At 21/5/06, Blogger Coxsoft Art said...

Taking your last point first, I wasn't trying to pull rank on you - you might hold a doctorate for all I know -; I was merely explaining why I feel fairly self-confident about my artistic judgement and my emotional response to great works of art (and also to rubbish). To pull rank is to do exactly what the Art Establishment does, and I think you know how much (honest) propaganda I throw in that direction.
I fully agree with you about subtle messages, although I think the ones most easy to miss are the ones that reinforce the main message, rather than the primary message itself. Back in the days when TV broadcast some discerning programmes about movies, I saw an appreciation of a very old movie called "Letter From An Unknown Woman", which pointed out that the set designer had chosen a wolf-chasing-Red-Riding-Hood style of wallpaper for the young woman's bedroom. This reinforced the theme of the movie in a very subtle way that I had completely missed. I'm always pleased to have this sort of thing pointed out to me.
I am going to disagree about us being surrounded by crap. I think the opposite is true: that big business strives to draw our attention by presenting us with beautiful and powerful images. Every time I walk down my High Street I see Claudia Shiffa in her knickers! It may not be great art, but it's a very pretty picture. And I think that modern art is responding to the commercialism of art by being as ugly as it can. This isn't the whole story, but it helps to explain why so many galleries are filled with ugly stuff that doesn't come close to being art. Lack of talent helps.
Did you know that one needs a first-class honours degree in Psychology to get into the advertising business? I didn't make it. Otherwise I might be photographing Claudia in her knickers...sigh!

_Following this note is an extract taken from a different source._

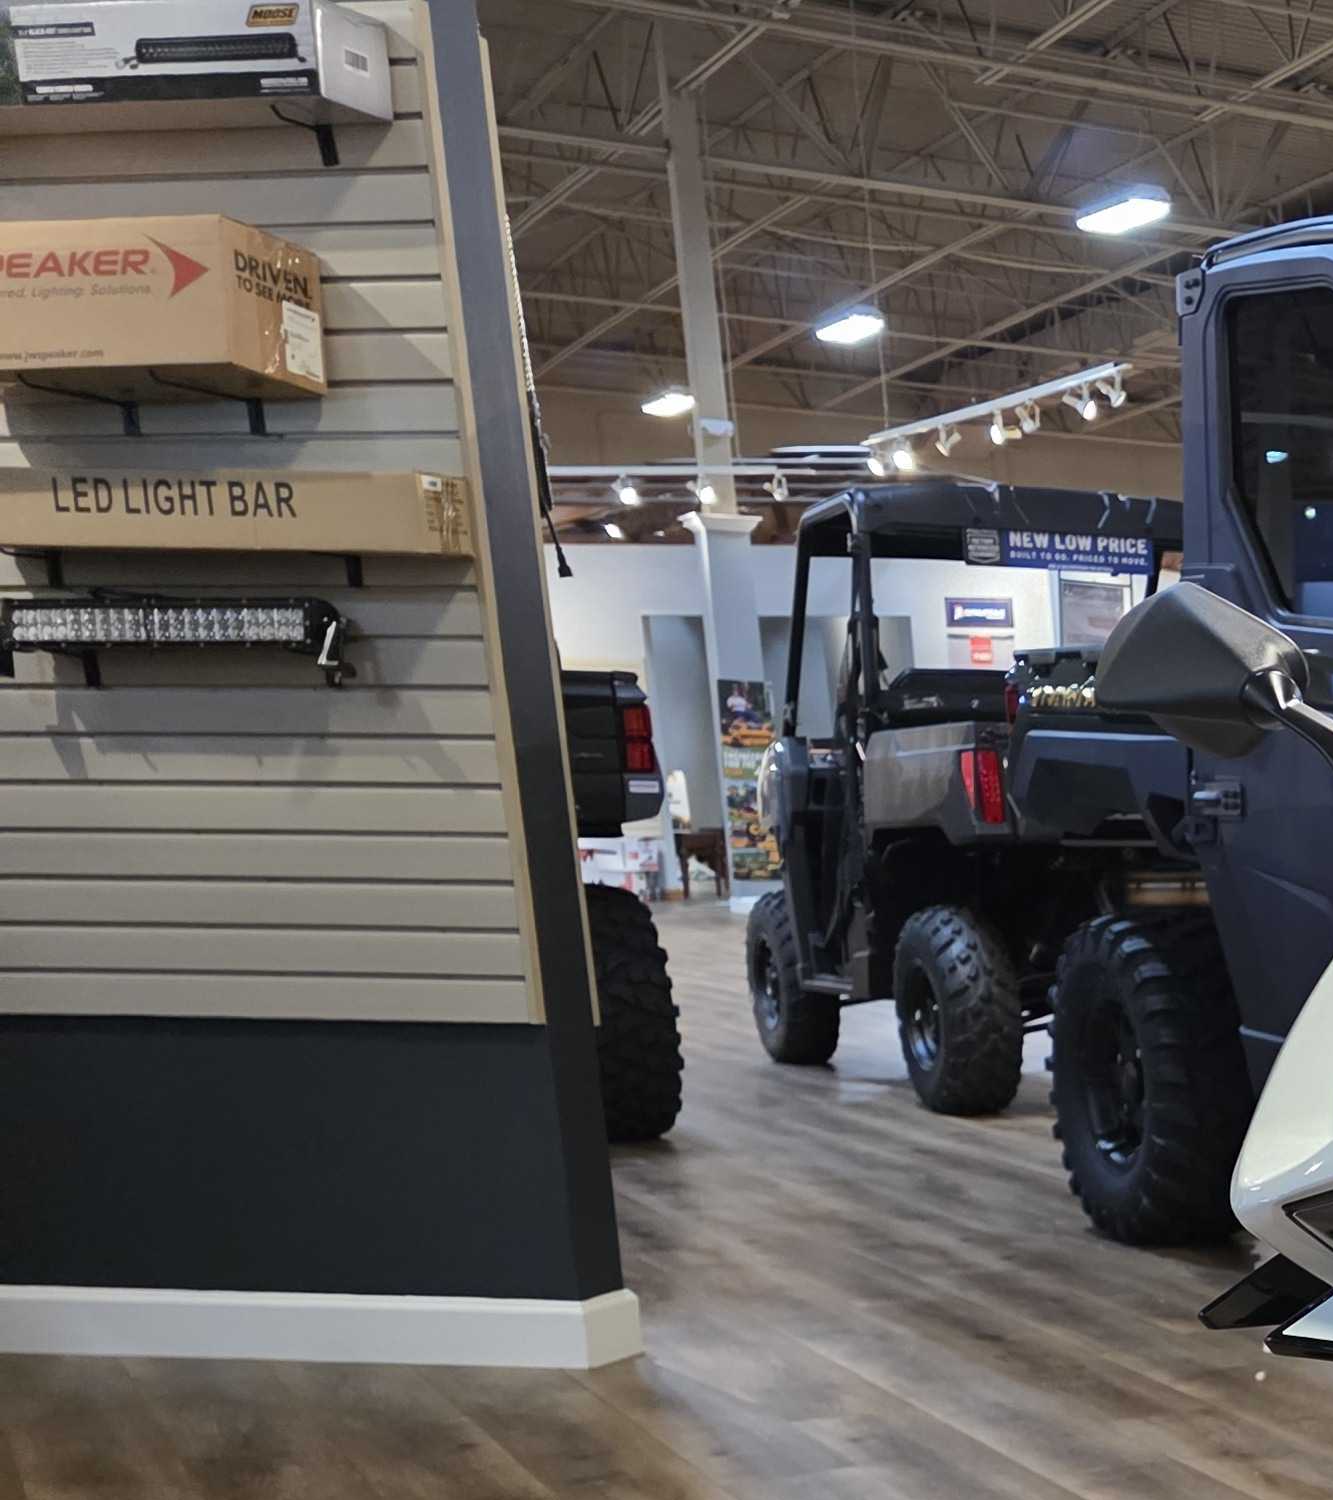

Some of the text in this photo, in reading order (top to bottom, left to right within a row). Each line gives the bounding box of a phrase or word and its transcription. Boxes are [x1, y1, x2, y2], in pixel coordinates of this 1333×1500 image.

At 22/5/06, Blogger weggis said...

By far the best place for them. Out of harms way and we get Claudia on our bus shelters.
By jove I think I've got it. I had to listen to the birds and think for a while and relate it to a field I know a little more about. I know damn all about art other than some of it i like and appreciate and some I don't.
In a right angled triangle the square of the hypotenuse equals the sum of the squares of the other two sides. This was known long before Pythagorus. It is now known as his theorum because he proved it is true in all cases. The difficult part is creating something worthwhile. The theorum itself is just another theorum but to those who appreciate this sort of thing the proof has a magical and simplistic beauty that knocks you sideways.
I doubt i get the same WOW factor that you do from art, but I now know what you mean. I also know why I spent exactly 6 minutes and 21 seconds in Tate Modern before retiring to the Youngs Pub.
i am in your debt, sir!

At 22/5/06, Blogger Coxsoft Art said...

By Jove, he has got it! Tate Modern can't hold a candle to Claudia's knickers!